All entries must be given again in full, exactly as they were supplied.

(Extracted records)
..............................

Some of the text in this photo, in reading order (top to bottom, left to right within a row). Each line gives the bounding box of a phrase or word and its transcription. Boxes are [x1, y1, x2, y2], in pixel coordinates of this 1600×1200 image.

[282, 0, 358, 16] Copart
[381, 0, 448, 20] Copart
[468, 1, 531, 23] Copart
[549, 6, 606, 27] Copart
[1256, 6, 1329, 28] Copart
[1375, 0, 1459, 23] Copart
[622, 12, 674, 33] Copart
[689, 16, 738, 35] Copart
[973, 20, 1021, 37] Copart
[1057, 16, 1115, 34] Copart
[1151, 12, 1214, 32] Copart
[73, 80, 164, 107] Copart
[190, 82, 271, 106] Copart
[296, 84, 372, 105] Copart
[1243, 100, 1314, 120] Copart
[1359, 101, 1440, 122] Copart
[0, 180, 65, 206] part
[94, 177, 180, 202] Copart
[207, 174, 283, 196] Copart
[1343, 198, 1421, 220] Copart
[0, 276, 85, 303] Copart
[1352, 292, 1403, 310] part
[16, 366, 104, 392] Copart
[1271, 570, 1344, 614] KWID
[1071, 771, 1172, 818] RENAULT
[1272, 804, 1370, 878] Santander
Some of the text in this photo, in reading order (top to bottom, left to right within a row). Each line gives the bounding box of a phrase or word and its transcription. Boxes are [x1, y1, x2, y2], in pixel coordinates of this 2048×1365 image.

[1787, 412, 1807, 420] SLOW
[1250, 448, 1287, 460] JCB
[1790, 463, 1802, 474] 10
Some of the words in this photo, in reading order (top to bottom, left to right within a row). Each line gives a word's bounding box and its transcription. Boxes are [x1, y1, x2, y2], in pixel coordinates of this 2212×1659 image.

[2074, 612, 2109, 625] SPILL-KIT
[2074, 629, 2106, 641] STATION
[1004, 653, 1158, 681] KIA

..............................

• Result of this task:
Some of the text in this photo, in reading order (top to bottom, left to right within a row). Each line gives the bounding box of a phrase or word and its transcription. Boxes are [x1, y1, x2, y2], in pixel coordinates of this 1600×1200 image.

[282, 0, 358, 16] Copart
[381, 0, 448, 20] Copart
[468, 1, 531, 23] Copart
[549, 6, 606, 27] Copart
[1256, 6, 1329, 28] Copart
[1375, 0, 1459, 23] Copart
[622, 12, 674, 33] Copart
[689, 16, 738, 35] Copart
[973, 20, 1021, 37] Copart
[1057, 16, 1115, 34] Copart
[1151, 12, 1214, 32] Copart
[73, 80, 164, 107] Copart
[190, 82, 271, 106] Copart
[296, 84, 372, 105] Copart
[1243, 100, 1314, 120] Copart
[1359, 101, 1440, 122] Copart
[0, 180, 65, 206] part
[94, 177, 180, 202] Copart
[207, 174, 283, 196] Copart
[1343, 198, 1421, 220] Copart
[0, 276, 85, 303] Copart
[1352, 292, 1403, 310] part
[16, 366, 104, 392] Copart
[1271, 570, 1344, 614] KWID
[1071, 771, 1172, 818] RENAULT
[1272, 804, 1370, 878] Santander
Some of the text in this photo, in reading order (top to bottom, left to right within a row). Each line gives the bounding box of a phrase or word and its transcription. Boxes are [x1, y1, x2, y2], in pixel coordinates of this 2048×1365 image.

[1787, 412, 1807, 420] SLOW
[1250, 448, 1287, 460] JCB
[1790, 463, 1802, 474] 10
Some of the words in this photo, in reading order (top to bottom, left to right within a row). Each line gives a word's bounding box and its transcription. Boxes are [x1, y1, x2, y2], in pixel coordinates of this 2212×1659 image.

[2074, 612, 2109, 625] SPILL-KIT
[2074, 629, 2106, 641] STATION
[1004, 653, 1158, 681] KIA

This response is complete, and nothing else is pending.